Print the data once more, exactly as given. Drop the pictures.

** Opening The input block **

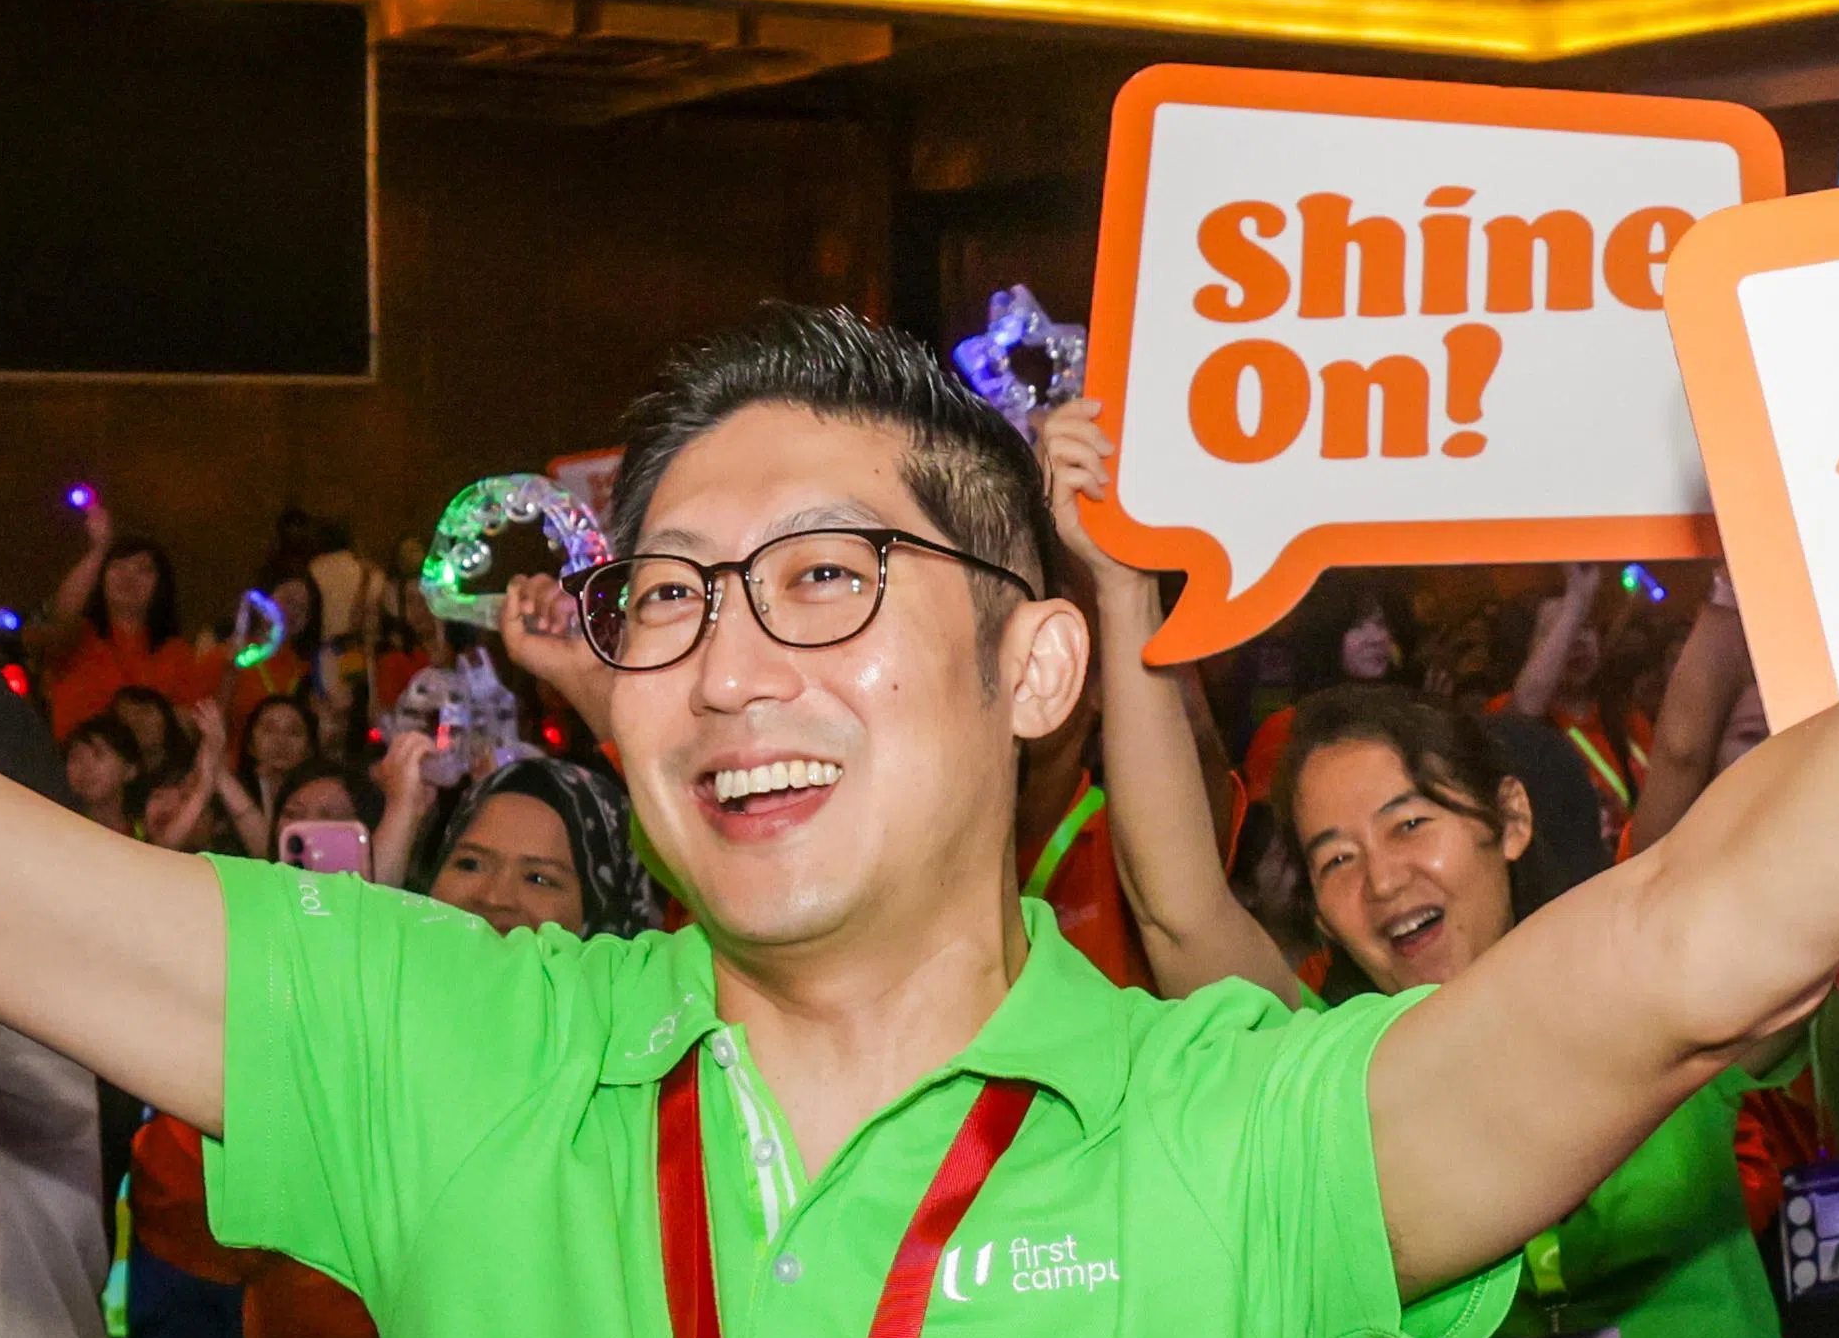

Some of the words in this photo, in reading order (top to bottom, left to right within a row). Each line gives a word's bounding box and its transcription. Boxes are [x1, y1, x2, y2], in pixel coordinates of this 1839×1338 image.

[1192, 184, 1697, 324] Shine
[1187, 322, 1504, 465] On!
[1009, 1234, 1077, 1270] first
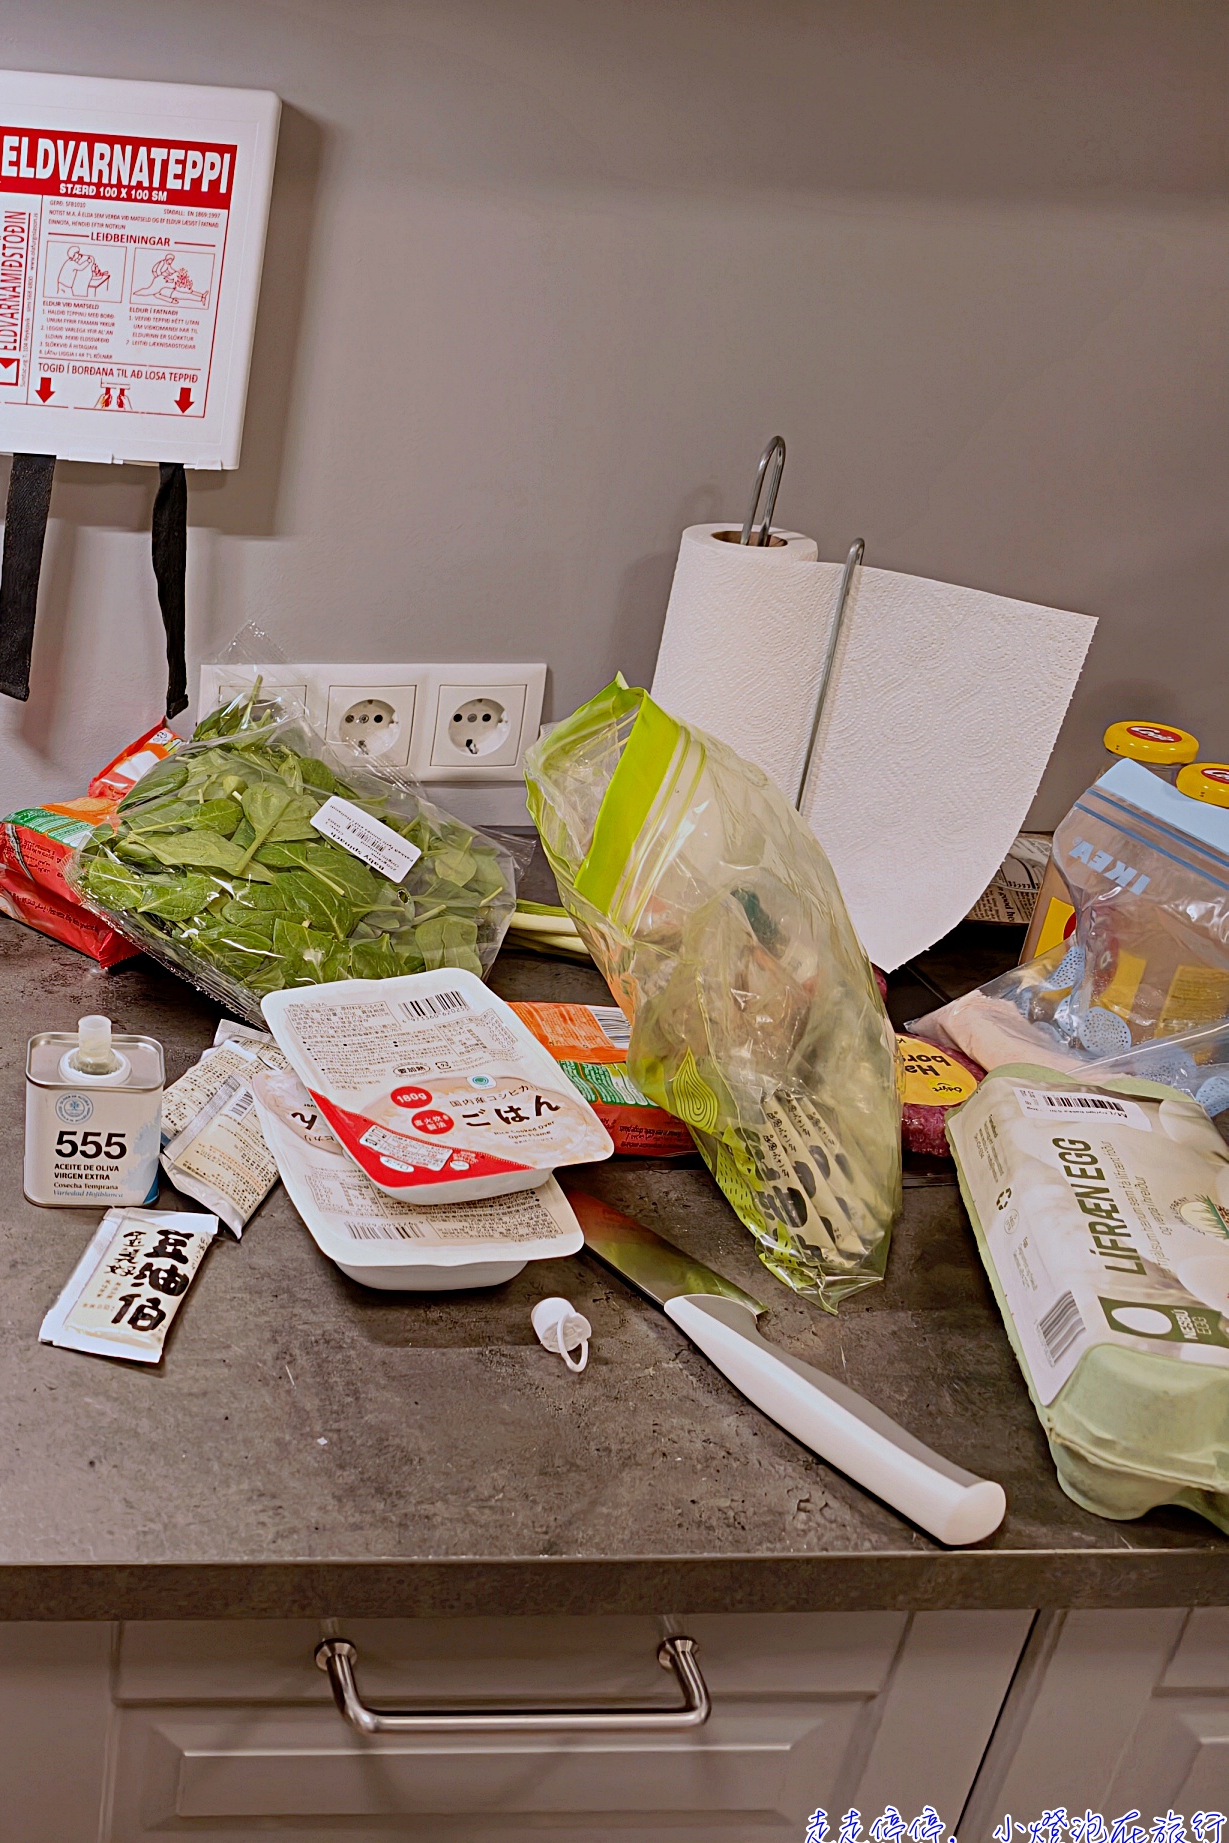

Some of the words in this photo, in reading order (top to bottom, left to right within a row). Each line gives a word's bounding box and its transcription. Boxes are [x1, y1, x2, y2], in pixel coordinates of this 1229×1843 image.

** Closing The input block **

> _Response_:
Some of the words in this photo, in reading order (top to bottom, left to right within a row). Each line gives a word's bounding box and its transcription. Boxes are [x1, y1, x2, y2], in pixel coordinates of this 1839×1338 image.

[1192, 184, 1697, 324] Shine
[1187, 322, 1504, 465] On!
[1009, 1234, 1077, 1270] first

Some of the words in this photo, in reading order (top to bottom, left to right within a row). Each line gives a word's bounding box and its transcription. Boxes are [x1, y1, x2, y2], in pixel coordinates of this 1229×1843 image.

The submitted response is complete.